If you are querying a secure corporate database like Microsoft SQL Server using Entra ID token authentication (e.g., Azure SQL DB), you can pass a configured SQLAlchemy engine:

```python
import struct
from azure.identity import DefaultAzureCredential
from sqlalchemy import create_engine
from text_to_sql import TextToSQL, SQLAlchemyAdapter

# 1. Retrieve the Entra ID active token
credential = DefaultAzureCredential()
token_obj = credential.get_token("https://database.windows.net/.default")
token_bytes = token_obj.token.encode("utf-16-le")

# 2. Setup your SQL Server connection properties
driver = "ODBC Driver 17 for SQL Server"
server = "your-sql-server.database.windows.net,1433"
database = "your-database-db"
conn_str = f"DRIVER={{{driver}}};SERVER={server};DATABASE={database};Encrypt=yes;TrustServerCertificate=no;Connection Timeout=30;"

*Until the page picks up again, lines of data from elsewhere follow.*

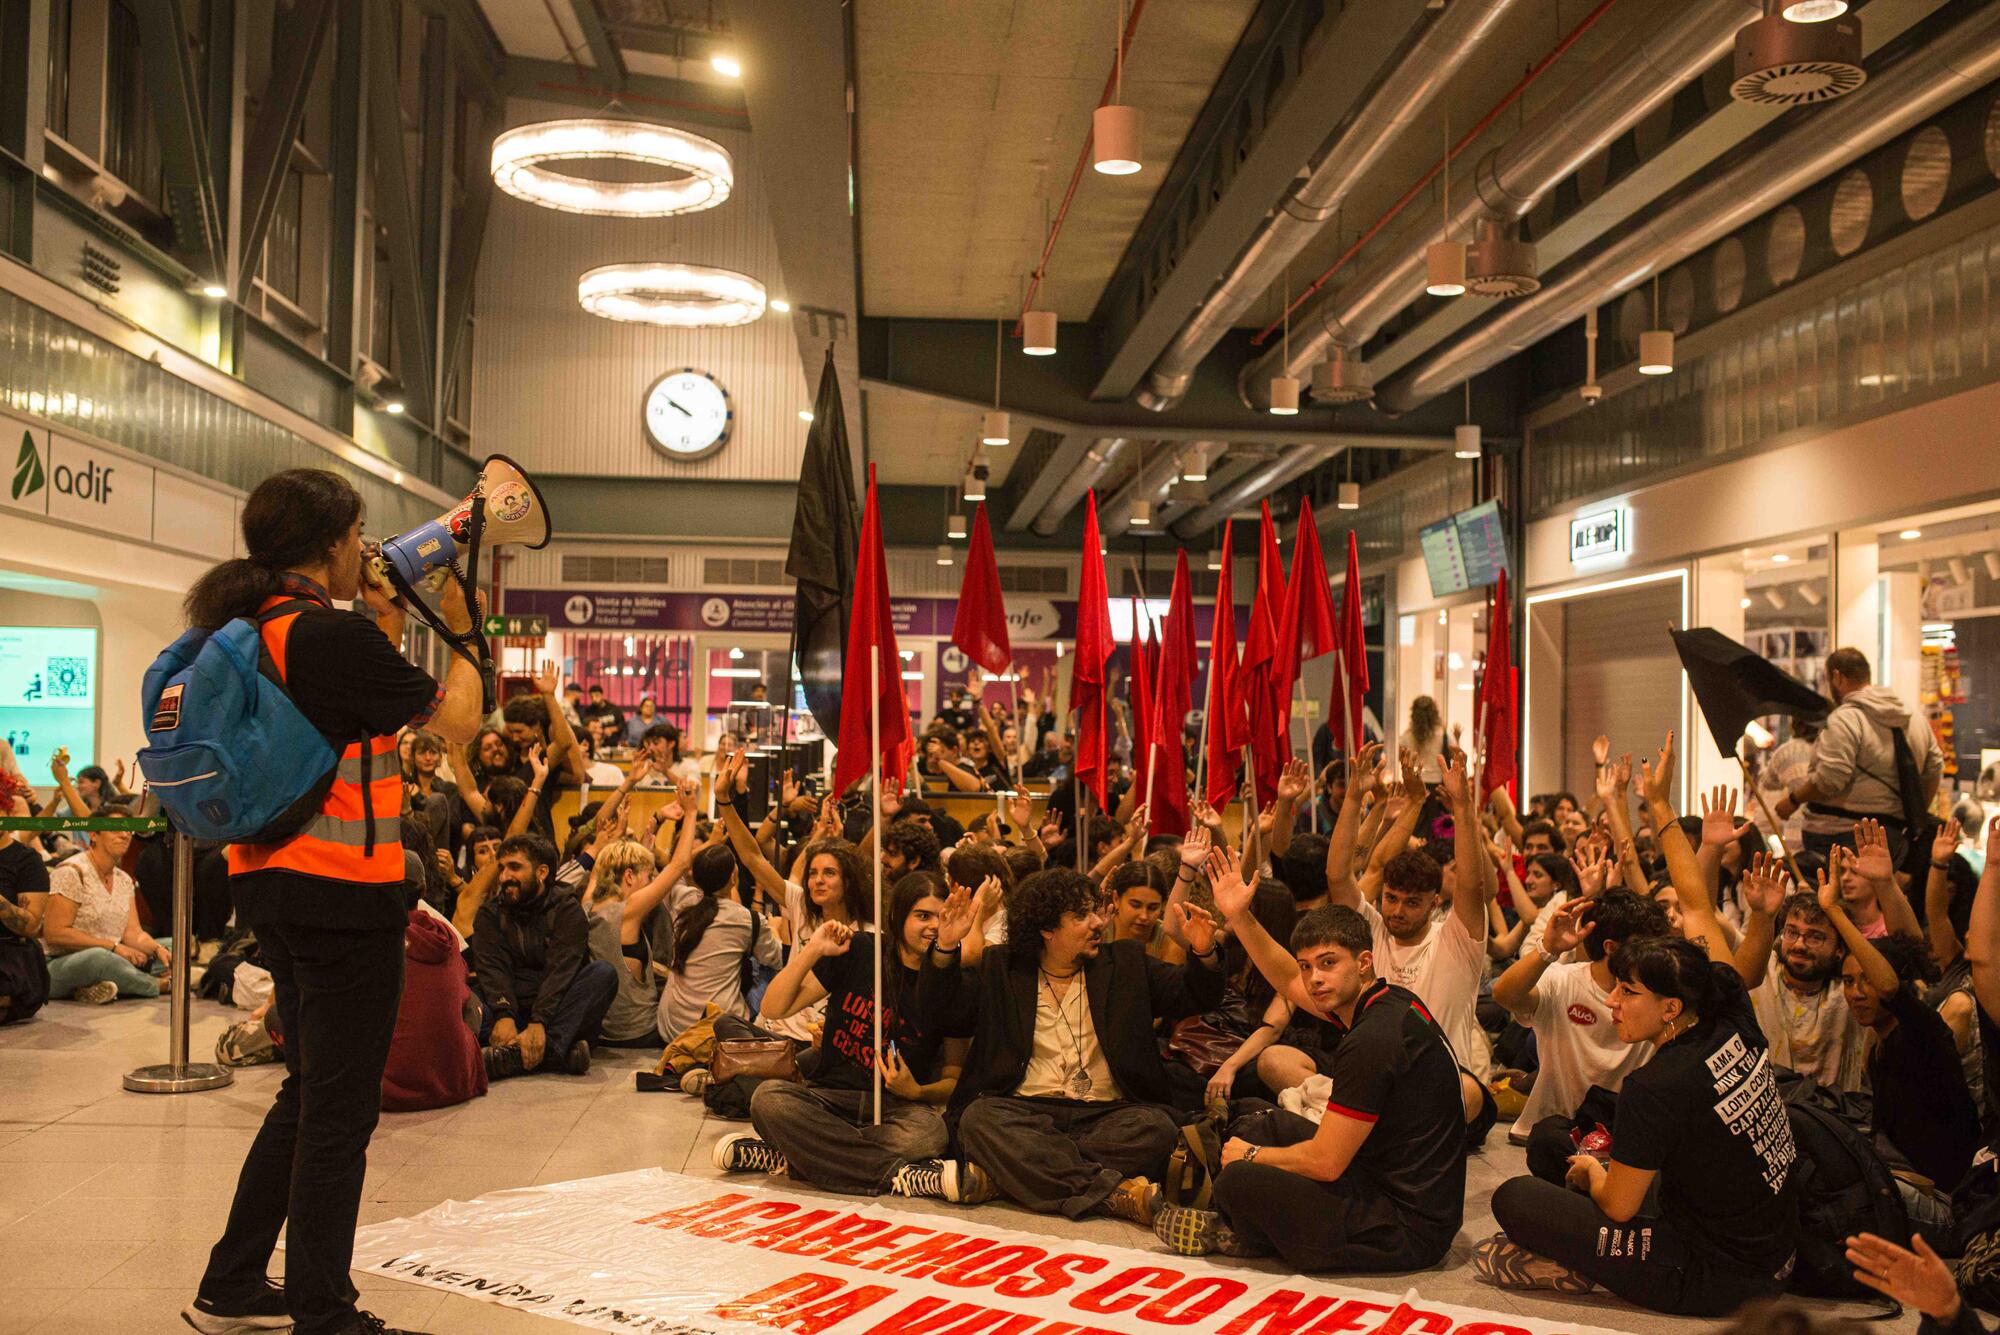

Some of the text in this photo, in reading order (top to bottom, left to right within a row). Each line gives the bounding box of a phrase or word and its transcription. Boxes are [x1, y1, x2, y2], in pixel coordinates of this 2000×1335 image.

[54, 460, 114, 504] adif
[595, 597, 666, 608] Venta de billetes
[1006, 608, 1043, 628] nfe
[849, 1019, 869, 1039] DE
[1712, 1040, 1743, 1073] AMA O
[1721, 1089, 1751, 1118] LOITA
[632, 1193, 1109, 1298] ACABEMOS
[1069, 1266, 1248, 1325] CO
[705, 1272, 899, 1335] DA

# SQL_COPT_SS_ACCESS_TOKEN = 1256 (pyodbc constant for setting the access token)
SQL_COPT_SS_ACCESS_TOKEN = 1256
packed_token = struct.pack("=i", len(token_bytes)) + token_bytes

# 3. Create the SQLAlchemy Engine
engine = create_engine(
    f"mssql+pyodbc:///?odbc_connect={conn_str}",
    connect_args={"attrs_before": {SQL_COPT_SS_ACCESS_TOKEN: packed_token}}
)

# 4. Initialize adapter (target schema 'awo')
adapter = SQLAlchemyAdapter(engine, schema="awo")

# 5. Define LLM callback
def llm_callback(prompt: str) -> str:
    # Your model call goes here
    return "SELECT TOP 3 * FROM awo.Asset;"

# 6. Execute query
translator = TextToSQL(adapter, llm_callback)
result = translator.query("Get first 3 assets")
print(result)
```

---

## Security & Safety

The `SafetyValidator` intercepts query executions and validates safety constraints:

- By default, it operates in `read_only=True` mode, blocking any modification queries (`INSERT`, `UPDATE`, `DELETE`, `DROP`, `ALTER`, `TRUNCATE`, `REPLACE`, `GRANT`, `REVOKE`, `SCHEMA`, `RENAME`).
- Regular expression keyword validation uses word boundaries (`\b`) to ensure column names containing keywords (e.g. `created_at` or `update_flag`) are not false-positives.
- Comments (single-line `--` and multi-line `/* */`) are cleaned from the returned statement, and searched for keywords to prevent injection bypasses.

---

## Running Tests

Tests are written using `pytest`. To run the test suite:

```bash
# Install test requirements
pip install -e ".[test]"

# Execute tests
PYTHONPATH=. pytest -v
```

---

## Antigravity Agent Plugin Integration

This repository includes a custom **Plugin & Skill** wrapper for Antigravity-supported IDE environments.

### Local Installation
To expose this skill to local workspace agents:
1. Copy or symlink the `plugins/text-to-sql-plugin` directory to your local configuration folder:
   ```bash
   ln -s "$(pwd)/plugins/text-to-sql-plugin" ~/.gemini/config/plugins/text-to-sql-plugin
   ```
2. Alternatively, copy the skill folder directly into your workspace repository under `.agents/skills/text-to-sql/`.